● TASK DESCRIPTION:
Each line below must be transcribed with no word changed.

● Excerpts from a dataset:
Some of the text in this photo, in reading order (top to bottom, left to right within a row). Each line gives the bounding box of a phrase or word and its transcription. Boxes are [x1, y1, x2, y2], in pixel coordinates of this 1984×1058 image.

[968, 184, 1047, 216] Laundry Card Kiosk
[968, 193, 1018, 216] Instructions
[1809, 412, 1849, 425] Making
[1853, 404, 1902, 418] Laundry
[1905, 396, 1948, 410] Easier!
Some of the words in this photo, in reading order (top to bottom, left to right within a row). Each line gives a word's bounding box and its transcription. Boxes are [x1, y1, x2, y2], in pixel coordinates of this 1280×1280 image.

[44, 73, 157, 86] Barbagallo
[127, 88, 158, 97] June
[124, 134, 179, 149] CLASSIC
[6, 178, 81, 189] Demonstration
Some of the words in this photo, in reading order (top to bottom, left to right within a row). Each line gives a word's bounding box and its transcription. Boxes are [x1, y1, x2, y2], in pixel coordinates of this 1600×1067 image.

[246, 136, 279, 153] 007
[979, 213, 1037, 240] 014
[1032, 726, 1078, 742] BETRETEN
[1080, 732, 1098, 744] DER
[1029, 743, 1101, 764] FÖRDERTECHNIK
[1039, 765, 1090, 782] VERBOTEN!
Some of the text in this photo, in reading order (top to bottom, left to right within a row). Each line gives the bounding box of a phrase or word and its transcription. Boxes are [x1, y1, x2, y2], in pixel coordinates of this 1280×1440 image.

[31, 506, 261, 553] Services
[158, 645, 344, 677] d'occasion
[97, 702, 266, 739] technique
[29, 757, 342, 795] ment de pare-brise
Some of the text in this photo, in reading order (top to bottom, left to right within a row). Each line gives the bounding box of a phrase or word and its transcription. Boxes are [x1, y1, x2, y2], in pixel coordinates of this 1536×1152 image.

● REPLY TO THE EXERCISE:
Some of the text in this photo, in reading order (top to bottom, left to right within a row). Each line gives the bounding box of a phrase or word and its transcription. Boxes are [x1, y1, x2, y2], in pixel coordinates of this 1984×1058 image.

[968, 184, 1047, 216] Laundry Card Kiosk
[968, 193, 1018, 216] Instructions
[1809, 412, 1849, 425] Making
[1853, 404, 1902, 418] Laundry
[1905, 396, 1948, 410] Easier!
Some of the words in this photo, in reading order (top to bottom, left to right within a row). Each line gives a word's bounding box and its transcription. Boxes are [x1, y1, x2, y2], in pixel coordinates of this 1280×1280 image.

[44, 73, 157, 86] Barbagallo
[127, 88, 158, 97] June
[124, 134, 179, 149] CLASSIC
[6, 178, 81, 189] Demonstration
Some of the words in this photo, in reading order (top to bottom, left to right within a row). Each line gives a word's bounding box and its transcription. Boxes are [x1, y1, x2, y2], in pixel coordinates of this 1600×1067 image.

[246, 136, 279, 153] 007
[979, 213, 1037, 240] 014
[1032, 726, 1078, 742] BETRETEN
[1080, 732, 1098, 744] DER
[1029, 743, 1101, 764] FÖRDERTECHNIK
[1039, 765, 1090, 782] VERBOTEN!
Some of the text in this photo, in reading order (top to bottom, left to right within a row). Each line gives the bounding box of a phrase or word and its transcription. Boxes are [x1, y1, x2, y2], in pixel coordinates of this 1280×1440 image.

[31, 506, 261, 553] Services
[158, 645, 344, 677] d'occasion
[97, 702, 266, 739] technique
[29, 757, 342, 795] ment de pare-brise
Some of the text in this photo, in reading order (top to bottom, left to right within a row). Each line gives the bounding box of a phrase or word and its transcription. Boxes are [x1, y1, x2, y2], in pixel coordinates of this 1536×1152 image.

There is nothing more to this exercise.